DATA RECORDS
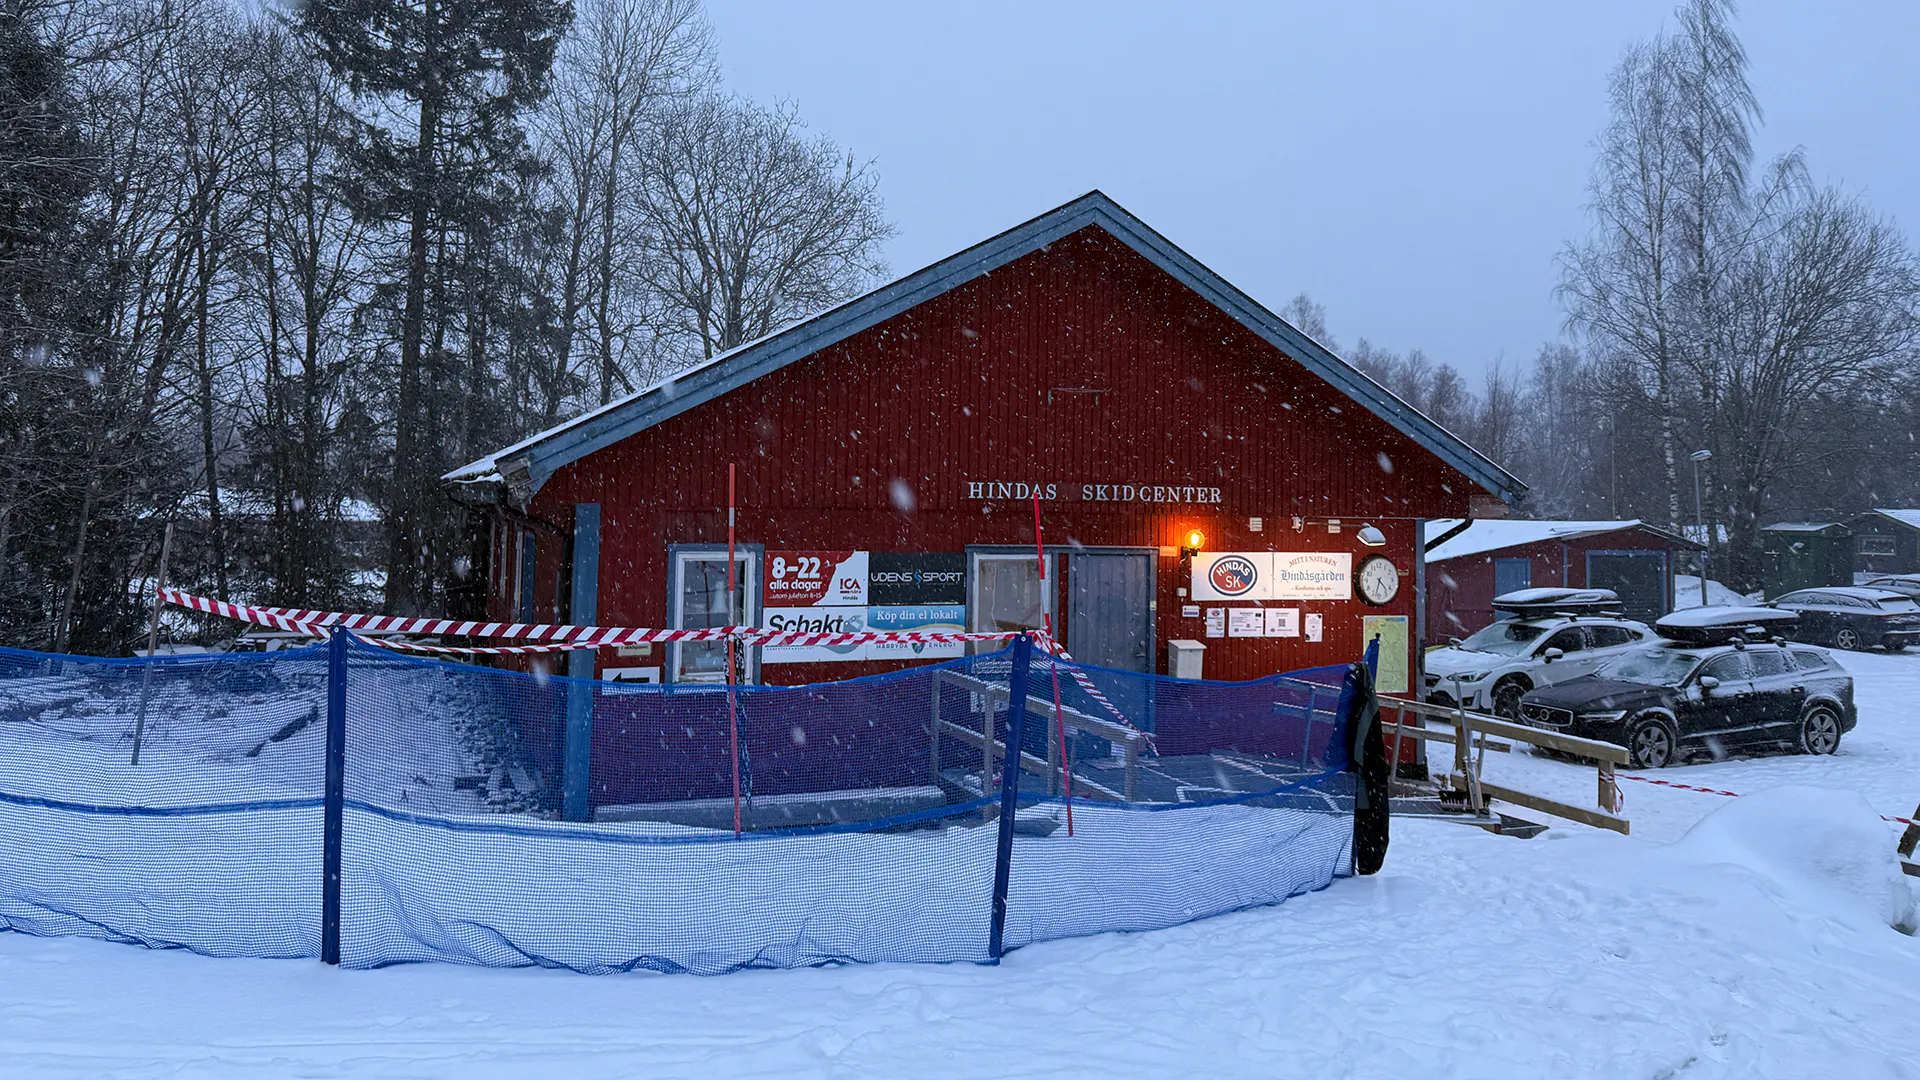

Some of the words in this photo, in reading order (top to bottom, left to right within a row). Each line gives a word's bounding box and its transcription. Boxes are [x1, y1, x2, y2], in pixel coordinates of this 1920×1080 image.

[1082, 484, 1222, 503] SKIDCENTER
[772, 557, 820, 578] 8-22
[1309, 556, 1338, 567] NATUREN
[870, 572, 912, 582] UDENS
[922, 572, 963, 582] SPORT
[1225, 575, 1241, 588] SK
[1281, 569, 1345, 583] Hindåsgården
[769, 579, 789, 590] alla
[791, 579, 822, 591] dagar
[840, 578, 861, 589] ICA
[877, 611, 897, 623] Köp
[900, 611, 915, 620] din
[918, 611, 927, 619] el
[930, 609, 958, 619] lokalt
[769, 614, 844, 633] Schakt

WHAT YOU HAVE TO DO
Only the records themselves, retyped exactly, belong in the answer; please leave all images behind.

RESULT
Some of the words in this photo, in reading order (top to bottom, left to right within a row). Each line gives a word's bounding box and its transcription. Boxes are [x1, y1, x2, y2], in pixel coordinates of this 1920×1080 image.

[1082, 484, 1222, 503] SKIDCENTER
[772, 557, 820, 578] 8-22
[1309, 556, 1338, 567] NATUREN
[870, 572, 912, 582] UDENS
[922, 572, 963, 582] SPORT
[1225, 575, 1241, 588] SK
[1281, 569, 1345, 583] Hindåsgården
[769, 579, 789, 590] alla
[791, 579, 822, 591] dagar
[840, 578, 861, 589] ICA
[877, 611, 897, 623] Köp
[900, 611, 915, 620] din
[918, 611, 927, 619] el
[930, 609, 958, 619] lokalt
[769, 614, 844, 633] Schakt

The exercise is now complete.